Saturday, June 29, 2013

The Chicago Blackhawks Dropped the Flag

The City of Chicago is celebrating, but I'm not.  Our hockey team, the Blackhawks, have won the Stanley Cup.  Apparently that's the equivalent of baseball's World Series, which I will celebrate when the Cubs win.  Yeah, I know—I'm not holding my breath.  Back around the Turn of the Century (the last one, 1900 or so) Sam Sianis of Billy Goat's tavern tried to take his goat to a baseball game at Wrigley Field.  The Wrigley's refused to allow him to bring the goat into the ballpark and he cursed the Cubs.  They haven't won a World Series since.  I'm not sure if they've even played in one.  In my lifetime they've come close to winning the National League pennant twice, but lost to the New York Mets in 1969 and the San Diego Padres in 1984 (darned clay infield!).  Mr. Sianis' nephew brought a goat into Wrigley Field at the Millenium, but the Cubs still haven't made it.  Apparently his uncle had some pretty strong mojo.  After all, he was the inspiration for the Saturday Night Live "Cheesburger, Cheesburger" skits.

I was raised as a Cubs fan and my heroes were people like Ernie Banks who patiently played first base and hit balls into the bleachers and out onto Waveland and Sheffield Avenues without once ever playing in a World Series game.  Back then players were not free to leave a losing team in favor of a winning one or tell their agents to "show them the money."  Nor did they fight with the umpires (much) or hurl obscenities at the umps or the fans.  There was such a thing as sportsmanship, and that's why my family watched baseball and not hockey.  They didn't approve of people beating each other up with the implements of their sport.
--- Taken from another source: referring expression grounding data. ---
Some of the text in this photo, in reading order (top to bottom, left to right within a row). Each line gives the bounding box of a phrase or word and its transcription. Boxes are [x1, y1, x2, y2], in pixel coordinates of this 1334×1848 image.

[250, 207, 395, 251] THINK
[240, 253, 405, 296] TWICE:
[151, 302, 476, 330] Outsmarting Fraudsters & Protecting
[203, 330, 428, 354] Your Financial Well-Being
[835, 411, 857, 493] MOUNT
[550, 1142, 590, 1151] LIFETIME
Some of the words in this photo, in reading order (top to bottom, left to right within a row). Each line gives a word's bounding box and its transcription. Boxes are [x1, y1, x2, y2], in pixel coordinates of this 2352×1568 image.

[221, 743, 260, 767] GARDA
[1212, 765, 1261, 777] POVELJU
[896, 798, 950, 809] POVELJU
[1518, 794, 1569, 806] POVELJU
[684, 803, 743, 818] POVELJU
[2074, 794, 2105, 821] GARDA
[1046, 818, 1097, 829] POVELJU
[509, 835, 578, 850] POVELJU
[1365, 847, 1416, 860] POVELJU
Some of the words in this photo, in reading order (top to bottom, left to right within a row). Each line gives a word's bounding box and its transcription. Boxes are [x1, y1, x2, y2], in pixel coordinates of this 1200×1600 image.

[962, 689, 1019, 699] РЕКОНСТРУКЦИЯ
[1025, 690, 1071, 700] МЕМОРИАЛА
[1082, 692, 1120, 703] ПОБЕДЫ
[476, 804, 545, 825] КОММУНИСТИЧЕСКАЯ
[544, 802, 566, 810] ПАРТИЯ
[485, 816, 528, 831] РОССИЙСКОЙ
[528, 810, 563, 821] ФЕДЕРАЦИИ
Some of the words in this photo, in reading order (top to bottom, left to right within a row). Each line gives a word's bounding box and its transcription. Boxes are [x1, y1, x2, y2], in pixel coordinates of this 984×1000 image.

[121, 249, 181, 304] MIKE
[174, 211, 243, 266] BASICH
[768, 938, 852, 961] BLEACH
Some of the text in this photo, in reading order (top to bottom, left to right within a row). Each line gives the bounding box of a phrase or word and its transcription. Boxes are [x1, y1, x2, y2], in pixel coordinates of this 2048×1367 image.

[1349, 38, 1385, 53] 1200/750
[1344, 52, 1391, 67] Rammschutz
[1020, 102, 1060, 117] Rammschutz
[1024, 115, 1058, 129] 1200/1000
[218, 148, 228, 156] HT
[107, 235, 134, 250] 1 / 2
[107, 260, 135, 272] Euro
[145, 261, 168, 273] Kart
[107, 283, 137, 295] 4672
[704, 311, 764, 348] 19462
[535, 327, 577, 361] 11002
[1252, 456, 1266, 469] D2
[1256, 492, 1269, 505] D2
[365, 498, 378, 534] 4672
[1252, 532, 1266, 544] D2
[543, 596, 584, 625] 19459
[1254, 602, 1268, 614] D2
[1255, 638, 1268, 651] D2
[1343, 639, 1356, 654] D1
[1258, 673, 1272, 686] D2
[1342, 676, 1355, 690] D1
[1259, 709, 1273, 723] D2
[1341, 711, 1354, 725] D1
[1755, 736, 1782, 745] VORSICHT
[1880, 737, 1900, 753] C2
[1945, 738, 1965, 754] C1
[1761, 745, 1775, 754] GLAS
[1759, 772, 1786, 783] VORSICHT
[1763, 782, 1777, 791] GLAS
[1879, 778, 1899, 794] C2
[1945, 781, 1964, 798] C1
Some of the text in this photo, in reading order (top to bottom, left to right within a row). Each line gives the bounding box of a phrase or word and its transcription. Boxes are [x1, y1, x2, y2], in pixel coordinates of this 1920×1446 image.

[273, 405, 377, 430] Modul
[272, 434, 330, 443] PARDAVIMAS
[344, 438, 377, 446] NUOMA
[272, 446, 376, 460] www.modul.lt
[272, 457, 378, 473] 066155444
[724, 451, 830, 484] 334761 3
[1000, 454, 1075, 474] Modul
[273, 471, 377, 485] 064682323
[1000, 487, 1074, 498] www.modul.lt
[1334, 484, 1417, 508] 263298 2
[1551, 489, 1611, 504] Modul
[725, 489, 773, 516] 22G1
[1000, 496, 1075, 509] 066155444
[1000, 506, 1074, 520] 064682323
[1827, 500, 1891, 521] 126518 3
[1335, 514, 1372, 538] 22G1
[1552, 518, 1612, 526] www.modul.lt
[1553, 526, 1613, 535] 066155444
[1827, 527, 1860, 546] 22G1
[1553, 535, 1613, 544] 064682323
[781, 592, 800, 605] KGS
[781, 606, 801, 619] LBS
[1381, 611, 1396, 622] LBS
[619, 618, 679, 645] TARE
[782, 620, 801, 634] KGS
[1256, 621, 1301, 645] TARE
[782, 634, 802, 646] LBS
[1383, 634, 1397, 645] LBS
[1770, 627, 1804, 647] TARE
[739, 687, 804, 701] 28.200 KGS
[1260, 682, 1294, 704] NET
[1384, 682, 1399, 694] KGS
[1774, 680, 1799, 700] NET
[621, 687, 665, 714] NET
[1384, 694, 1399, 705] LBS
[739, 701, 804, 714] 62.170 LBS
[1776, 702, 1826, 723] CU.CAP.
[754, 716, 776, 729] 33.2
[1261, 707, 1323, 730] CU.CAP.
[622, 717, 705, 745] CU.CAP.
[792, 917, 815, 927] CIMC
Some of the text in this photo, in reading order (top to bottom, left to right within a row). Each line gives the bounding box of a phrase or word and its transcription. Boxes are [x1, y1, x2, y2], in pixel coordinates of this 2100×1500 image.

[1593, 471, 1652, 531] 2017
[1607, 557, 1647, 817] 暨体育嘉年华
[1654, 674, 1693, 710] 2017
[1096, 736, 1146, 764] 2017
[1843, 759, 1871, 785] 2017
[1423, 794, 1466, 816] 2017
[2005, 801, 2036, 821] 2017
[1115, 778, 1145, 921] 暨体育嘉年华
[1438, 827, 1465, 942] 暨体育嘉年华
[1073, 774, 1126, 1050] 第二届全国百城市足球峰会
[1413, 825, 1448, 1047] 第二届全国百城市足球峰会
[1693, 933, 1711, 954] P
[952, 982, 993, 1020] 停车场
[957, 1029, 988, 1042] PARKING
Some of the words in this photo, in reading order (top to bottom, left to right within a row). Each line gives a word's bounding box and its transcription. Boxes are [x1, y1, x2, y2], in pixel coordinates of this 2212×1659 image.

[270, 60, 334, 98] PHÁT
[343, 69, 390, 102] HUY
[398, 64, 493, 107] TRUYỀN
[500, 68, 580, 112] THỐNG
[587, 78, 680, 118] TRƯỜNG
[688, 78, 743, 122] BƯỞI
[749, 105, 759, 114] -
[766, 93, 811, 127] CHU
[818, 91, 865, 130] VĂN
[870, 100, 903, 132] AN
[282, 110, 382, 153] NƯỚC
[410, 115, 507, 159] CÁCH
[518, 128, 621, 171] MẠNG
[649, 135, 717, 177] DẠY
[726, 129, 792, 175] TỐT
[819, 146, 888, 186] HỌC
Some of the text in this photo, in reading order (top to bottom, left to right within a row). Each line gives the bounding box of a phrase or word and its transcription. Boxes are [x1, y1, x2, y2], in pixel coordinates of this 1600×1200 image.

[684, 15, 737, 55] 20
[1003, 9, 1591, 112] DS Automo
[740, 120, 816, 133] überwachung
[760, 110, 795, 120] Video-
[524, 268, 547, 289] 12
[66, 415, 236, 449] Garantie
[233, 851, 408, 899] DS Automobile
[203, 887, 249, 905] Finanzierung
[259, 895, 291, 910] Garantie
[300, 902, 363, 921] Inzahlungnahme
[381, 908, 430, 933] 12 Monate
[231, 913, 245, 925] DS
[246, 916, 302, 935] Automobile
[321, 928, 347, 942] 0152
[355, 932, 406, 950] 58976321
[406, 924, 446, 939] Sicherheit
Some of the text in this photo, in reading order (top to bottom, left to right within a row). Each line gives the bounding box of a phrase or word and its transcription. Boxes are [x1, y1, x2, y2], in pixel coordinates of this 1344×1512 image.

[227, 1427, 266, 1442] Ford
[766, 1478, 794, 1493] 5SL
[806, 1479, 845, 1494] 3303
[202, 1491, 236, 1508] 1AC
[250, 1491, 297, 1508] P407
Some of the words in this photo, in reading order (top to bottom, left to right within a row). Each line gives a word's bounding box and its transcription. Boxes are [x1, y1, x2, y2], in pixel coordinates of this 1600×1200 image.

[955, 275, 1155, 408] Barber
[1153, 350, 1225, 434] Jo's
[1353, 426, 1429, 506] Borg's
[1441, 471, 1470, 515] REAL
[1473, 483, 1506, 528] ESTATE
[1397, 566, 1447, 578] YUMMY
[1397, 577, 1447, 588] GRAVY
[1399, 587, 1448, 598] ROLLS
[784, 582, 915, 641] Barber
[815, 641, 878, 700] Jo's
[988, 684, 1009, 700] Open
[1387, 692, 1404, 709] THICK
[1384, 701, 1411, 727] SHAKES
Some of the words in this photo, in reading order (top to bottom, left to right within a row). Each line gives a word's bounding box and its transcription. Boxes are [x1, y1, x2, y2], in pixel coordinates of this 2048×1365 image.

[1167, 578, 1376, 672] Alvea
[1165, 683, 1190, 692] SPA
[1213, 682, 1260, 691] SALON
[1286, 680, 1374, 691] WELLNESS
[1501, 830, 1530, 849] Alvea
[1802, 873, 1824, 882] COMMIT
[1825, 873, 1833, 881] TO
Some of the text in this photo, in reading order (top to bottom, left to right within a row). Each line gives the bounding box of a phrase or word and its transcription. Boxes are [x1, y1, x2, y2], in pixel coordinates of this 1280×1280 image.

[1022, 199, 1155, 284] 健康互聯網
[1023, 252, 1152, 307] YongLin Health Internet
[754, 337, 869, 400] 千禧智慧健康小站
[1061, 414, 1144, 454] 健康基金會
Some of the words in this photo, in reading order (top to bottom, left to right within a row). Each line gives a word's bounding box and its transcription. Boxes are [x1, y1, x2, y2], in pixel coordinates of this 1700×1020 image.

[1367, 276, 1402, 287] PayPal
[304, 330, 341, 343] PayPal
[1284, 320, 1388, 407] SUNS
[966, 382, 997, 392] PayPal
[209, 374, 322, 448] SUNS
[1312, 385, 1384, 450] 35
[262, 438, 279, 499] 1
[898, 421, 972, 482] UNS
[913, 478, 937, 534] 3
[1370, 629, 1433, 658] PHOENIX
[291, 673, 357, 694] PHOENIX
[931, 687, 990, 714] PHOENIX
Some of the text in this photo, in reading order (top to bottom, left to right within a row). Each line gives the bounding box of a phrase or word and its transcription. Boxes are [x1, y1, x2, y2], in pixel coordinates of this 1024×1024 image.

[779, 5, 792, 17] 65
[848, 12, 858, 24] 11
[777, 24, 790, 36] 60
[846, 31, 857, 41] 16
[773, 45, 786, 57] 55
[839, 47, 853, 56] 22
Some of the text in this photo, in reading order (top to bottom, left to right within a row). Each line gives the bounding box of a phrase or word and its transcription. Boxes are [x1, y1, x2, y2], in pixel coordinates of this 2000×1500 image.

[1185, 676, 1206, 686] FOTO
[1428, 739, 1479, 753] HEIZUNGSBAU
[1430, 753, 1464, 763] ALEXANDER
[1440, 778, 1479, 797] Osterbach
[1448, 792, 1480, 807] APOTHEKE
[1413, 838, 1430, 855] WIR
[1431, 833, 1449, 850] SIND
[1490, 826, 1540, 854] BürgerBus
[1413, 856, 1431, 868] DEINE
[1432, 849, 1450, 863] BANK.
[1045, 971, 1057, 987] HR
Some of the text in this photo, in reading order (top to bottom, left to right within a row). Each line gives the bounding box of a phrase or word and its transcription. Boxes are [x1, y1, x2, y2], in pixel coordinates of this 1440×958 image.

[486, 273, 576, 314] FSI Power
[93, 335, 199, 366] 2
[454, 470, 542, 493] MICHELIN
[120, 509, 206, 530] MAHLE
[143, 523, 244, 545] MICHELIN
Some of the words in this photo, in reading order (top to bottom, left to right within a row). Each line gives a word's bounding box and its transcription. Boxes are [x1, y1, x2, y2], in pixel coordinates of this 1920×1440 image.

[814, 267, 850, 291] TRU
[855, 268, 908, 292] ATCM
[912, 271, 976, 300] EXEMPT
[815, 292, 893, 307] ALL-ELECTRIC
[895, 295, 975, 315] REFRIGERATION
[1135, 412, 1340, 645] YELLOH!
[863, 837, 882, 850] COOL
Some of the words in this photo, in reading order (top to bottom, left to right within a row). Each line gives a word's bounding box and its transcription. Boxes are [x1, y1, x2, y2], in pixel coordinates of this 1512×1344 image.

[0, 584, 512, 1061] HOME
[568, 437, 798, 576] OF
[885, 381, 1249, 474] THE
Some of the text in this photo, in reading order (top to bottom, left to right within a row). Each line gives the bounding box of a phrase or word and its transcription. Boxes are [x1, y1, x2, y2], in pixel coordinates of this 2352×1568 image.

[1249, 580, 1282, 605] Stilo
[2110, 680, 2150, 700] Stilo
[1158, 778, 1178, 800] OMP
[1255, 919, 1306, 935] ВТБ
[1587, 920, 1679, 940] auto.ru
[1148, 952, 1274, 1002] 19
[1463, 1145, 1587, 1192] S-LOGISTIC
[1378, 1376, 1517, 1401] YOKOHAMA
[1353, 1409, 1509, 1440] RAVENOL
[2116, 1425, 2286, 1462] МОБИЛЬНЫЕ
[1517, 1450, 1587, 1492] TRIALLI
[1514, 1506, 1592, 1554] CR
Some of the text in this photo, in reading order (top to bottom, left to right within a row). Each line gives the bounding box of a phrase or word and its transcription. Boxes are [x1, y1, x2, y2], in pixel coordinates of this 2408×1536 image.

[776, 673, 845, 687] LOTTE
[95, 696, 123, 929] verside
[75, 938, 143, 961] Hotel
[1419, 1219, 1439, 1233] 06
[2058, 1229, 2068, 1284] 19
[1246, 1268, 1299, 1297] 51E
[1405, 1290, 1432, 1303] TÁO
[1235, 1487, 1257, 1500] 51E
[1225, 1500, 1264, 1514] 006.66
But that's just a part of the game and always has been, apparently, and I wouldn't bother to blog about it.  I'd be glad our Chicago team won and go my own way as I usually do when any of our other teams win.  I am, however, angry at the Blackhawks.  A few years ago I was at the United Center for a performance of the circus and I was dismayed when I was caught in the concourse during the National Anthem and everyone out there but me ignored the song.  I wrote an essay called "The Flag Drooped," and submitted it to the National Veterans' Creative Arts Competition where it won a Bronze Medal.  Well, the flag practically lay on the floor during the hockey playoff that I witnessed on TV when I was caught at Buffalo Wild Wings playing trivia during a recent playoff game.

It was bad enough that very few of the fans bothered to salute properly during the performance of the Star Spangled Banner.  There was a murmur in the background that almost drowned the song out.  People weren't even keeping quiet.  I've grown to expect that.  If they teach respect for the flag, the Pledge of Allegiance, or the National Anthem in school, those lessons don't seem to last past the schoolyard gate.  But one would at least expect the athletes to stand still with their hands over their hearts during the performance, as my Cubs used to.  I realize these are not intelligent people and I'm not suggesting we idolize or deify them, but they're the guys on camera and the fans do idolize them.  Companies pay millions of dollars to advertise their wares during these games, and these men make millions of dollars to skate around and hit a piece of rubber with wooden sticks.  The least they can do is stand still with their hands over their hearts during the National Anthem.

I realize many of these guys are not from the United States.  I get a lot of e-mails from my very conservative sister about how people who drive around displaying the flags of other countries from their car windows should get with the program, get green cards, learn English, pay taxes, and display the US flag or go home.

Well, these guys have green cards, they speak enough English to do TV interviews, and they have accountants to evade taxes just like all the other millionaires in this country.  And there they were, on camera, every one of them holding their hockey sticks in their right hands and fidgeting throughout the Star Spangled Banner.  I was absolutely disgusted.

I do not congratulate them on their win.  I am ashamed that they play in my city.  As far as I'm concerned, the flag didn't just droop—the Chicago Blackhawks dropped it.  I forget how many demerits that would have cost a company when I was in Navy boot camp, but I think it would have meant at least an extra week of boot camp doing nothing but cleaning toilets with toothbrushes.  Maybe someone should make the Blackhawks do that.